(Extracted data Opens)

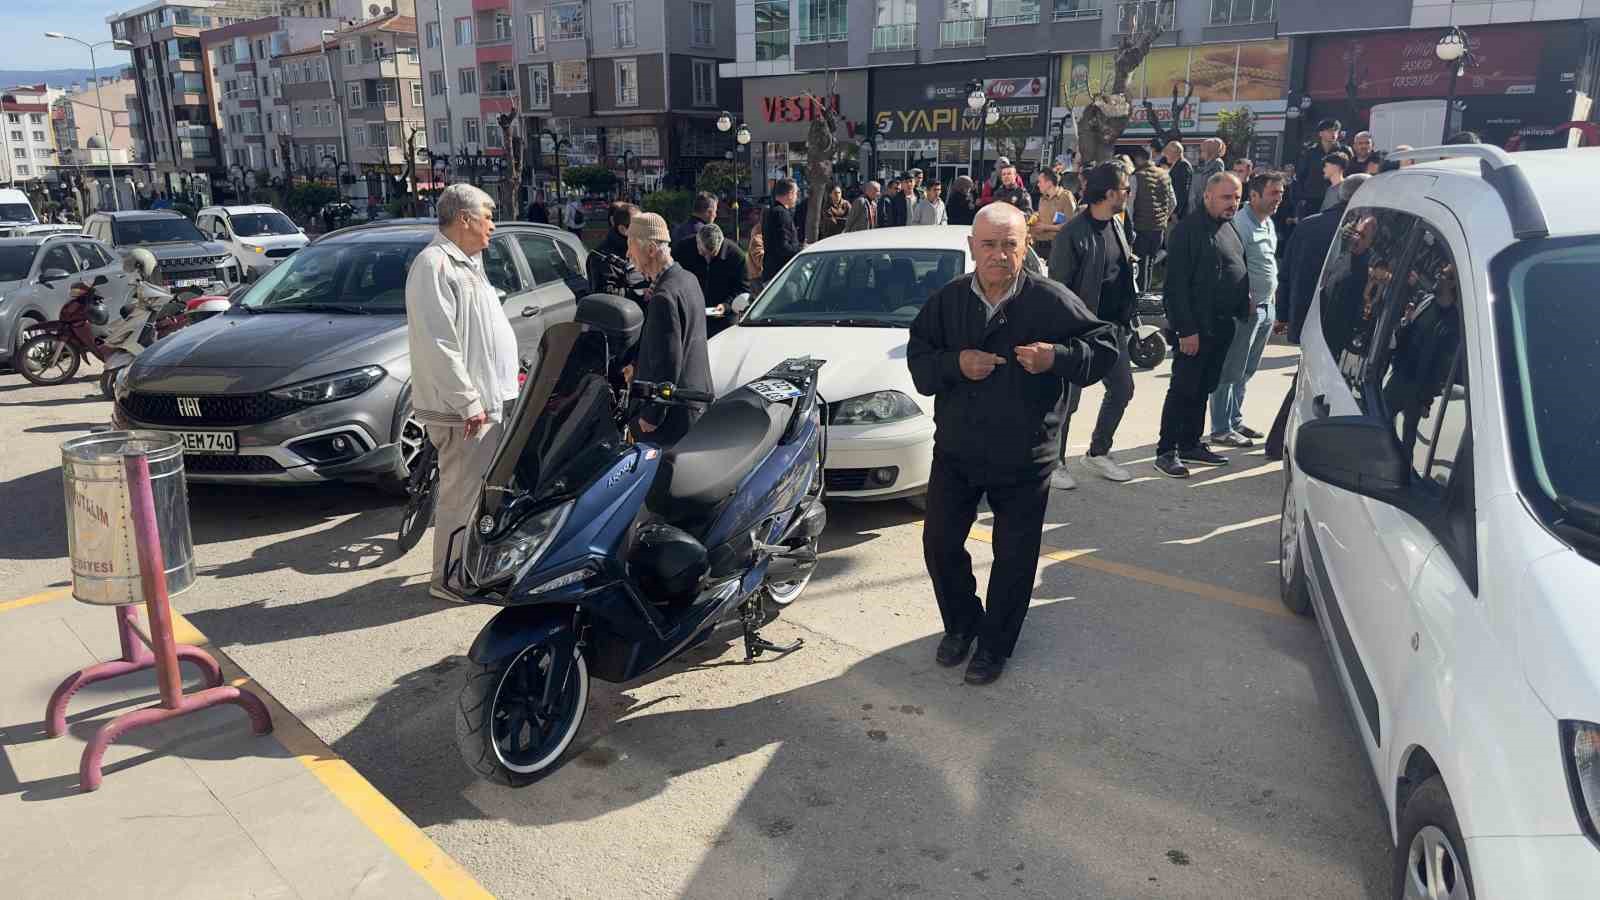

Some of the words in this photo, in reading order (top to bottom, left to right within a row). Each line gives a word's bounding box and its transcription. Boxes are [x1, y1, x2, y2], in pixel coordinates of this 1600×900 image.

[897, 108, 958, 132] YAPI
[961, 114, 1039, 130] MAKT
[176, 397, 202, 417] FIAT
[206, 433, 234, 449] 740
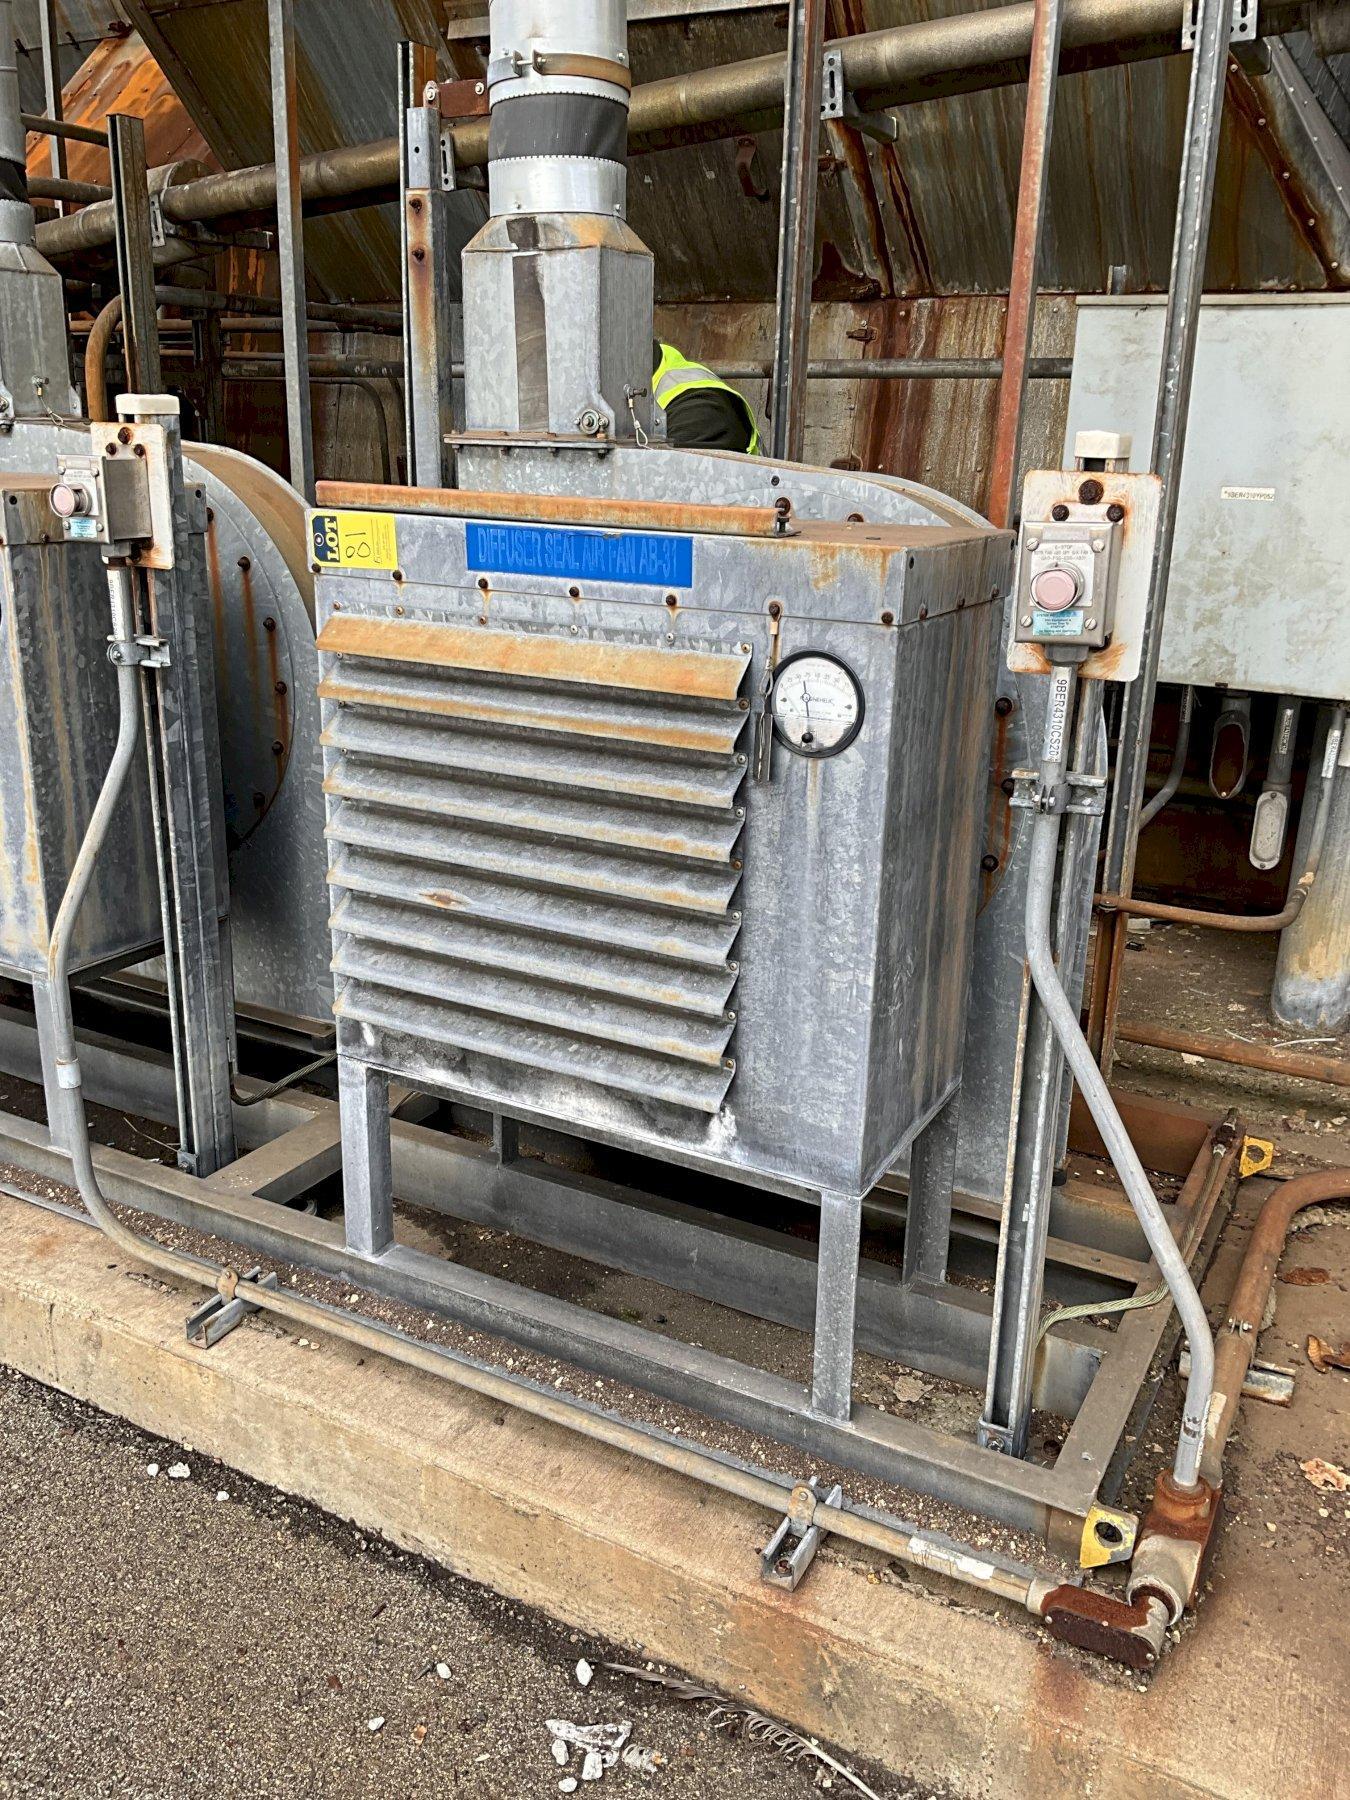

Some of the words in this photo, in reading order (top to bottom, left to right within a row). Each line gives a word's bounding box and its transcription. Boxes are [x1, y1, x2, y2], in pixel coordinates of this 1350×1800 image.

[324, 517, 339, 561] LOT
[345, 531, 372, 559] 81
[477, 527, 542, 567] DIFFUSER
[544, 531, 579, 570] SEAL
[582, 535, 604, 572] AIR
[608, 537, 637, 574] FAN
[639, 539, 678, 578] AB-31
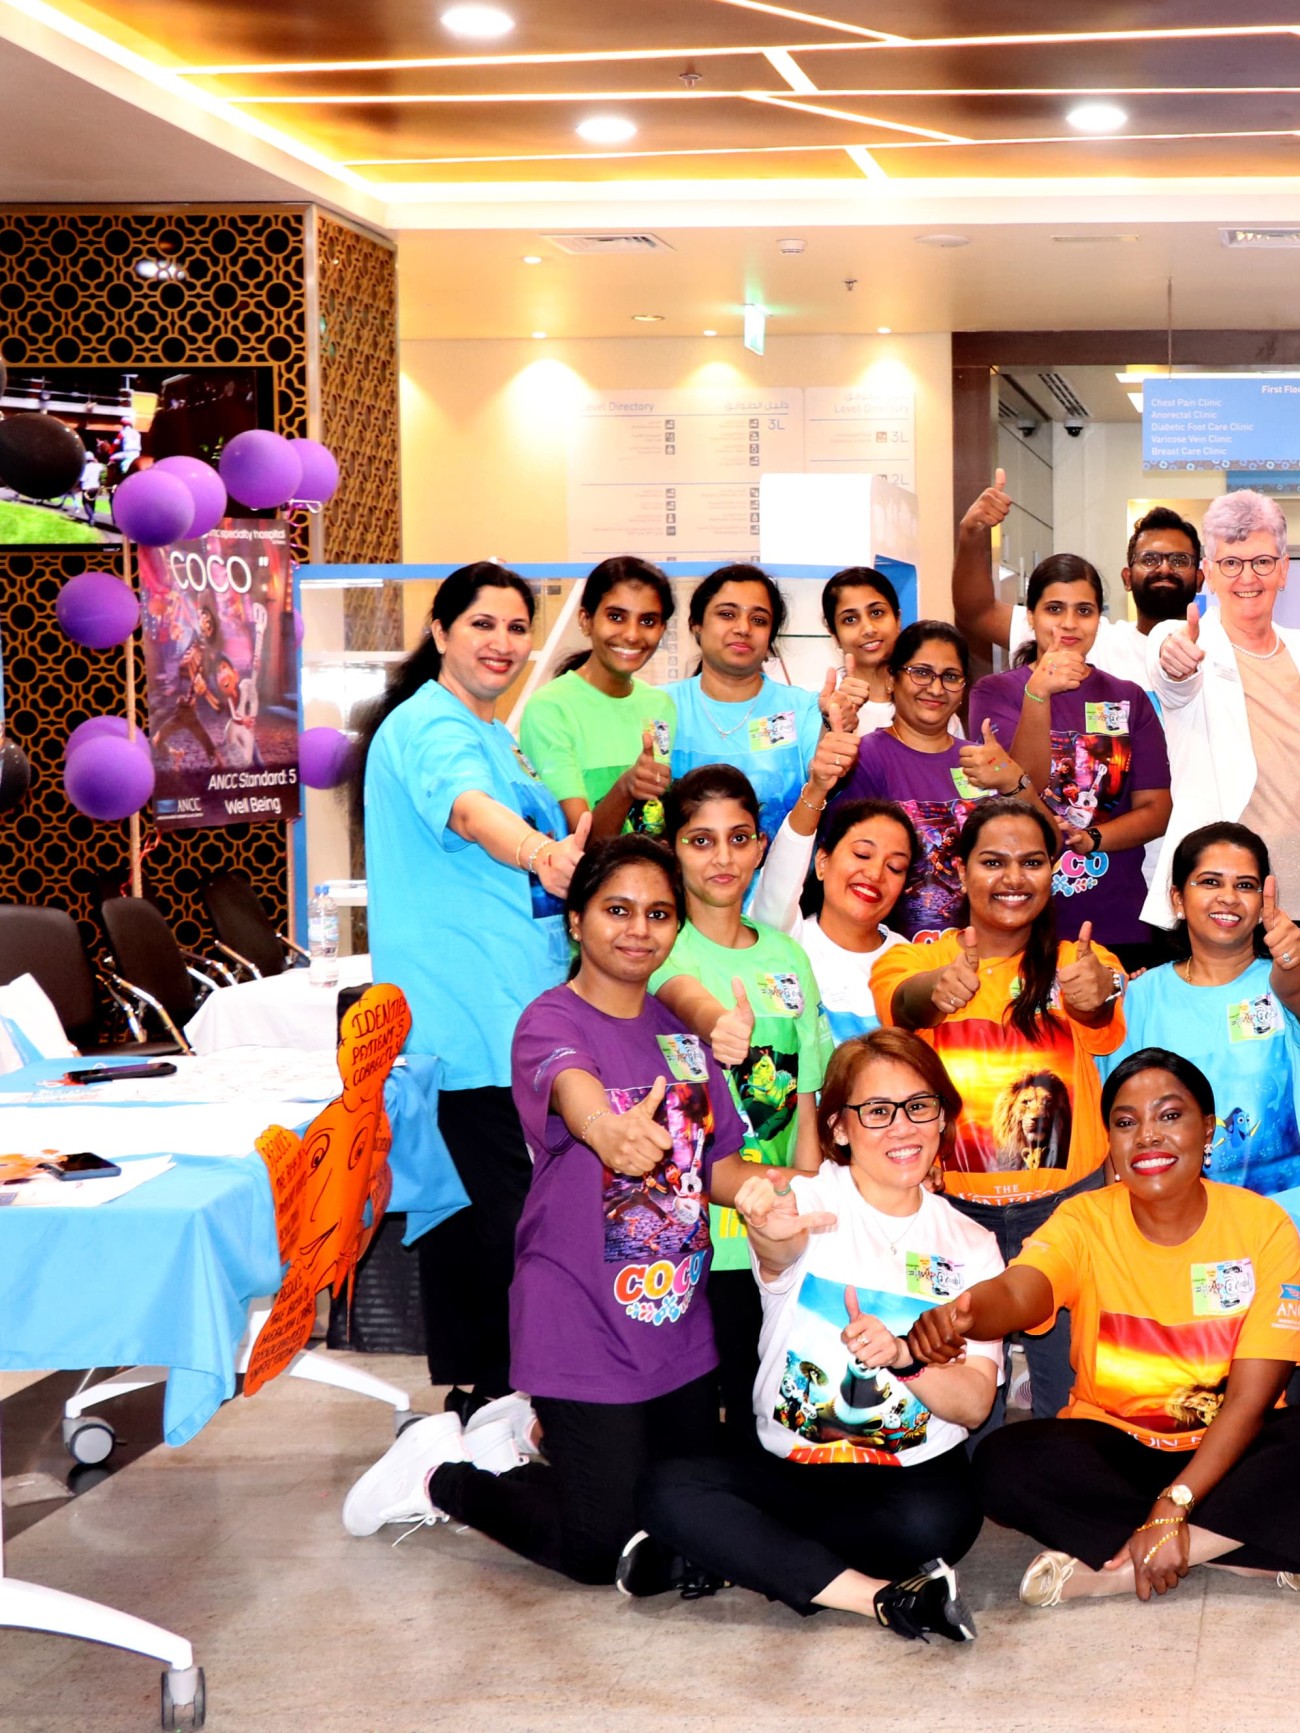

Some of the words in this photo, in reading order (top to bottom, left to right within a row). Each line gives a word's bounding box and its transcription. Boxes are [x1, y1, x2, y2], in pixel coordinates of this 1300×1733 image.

(Extracted data Closes)

What is required ::
Please print all the data above word for word. Pictures should not appear in the copy.

Response ::
Some of the words in this photo, in reading order (top to bottom, left to right within a row). Each line gives a word's bounding box and its transcription. Boxes are [x1, y1, x2, y2], in pixel coordinates of this 1600×900 image.

[897, 108, 958, 132] YAPI
[961, 114, 1039, 130] MAKT
[176, 397, 202, 417] FIAT
[206, 433, 234, 449] 740

Some of the words in this photo, in reading order (top to bottom, left to right within a row). Each line gives a word's bounding box and its transcription. Boxes are [x1, y1, x2, y2], in pixel coordinates of this 1350×1800 image.

[324, 517, 339, 561] LOT
[345, 531, 372, 559] 81
[477, 527, 542, 567] DIFFUSER
[544, 531, 579, 570] SEAL
[582, 535, 604, 572] AIR
[608, 537, 637, 574] FAN
[639, 539, 678, 578] AB-31

Some of the words in this photo, in reading order (top to bottom, left to right within a row). Each line gives a word's bounding box and its transcription. Boxes are [x1, y1, x2, y2], in pixel coordinates of this 1300×1733 image.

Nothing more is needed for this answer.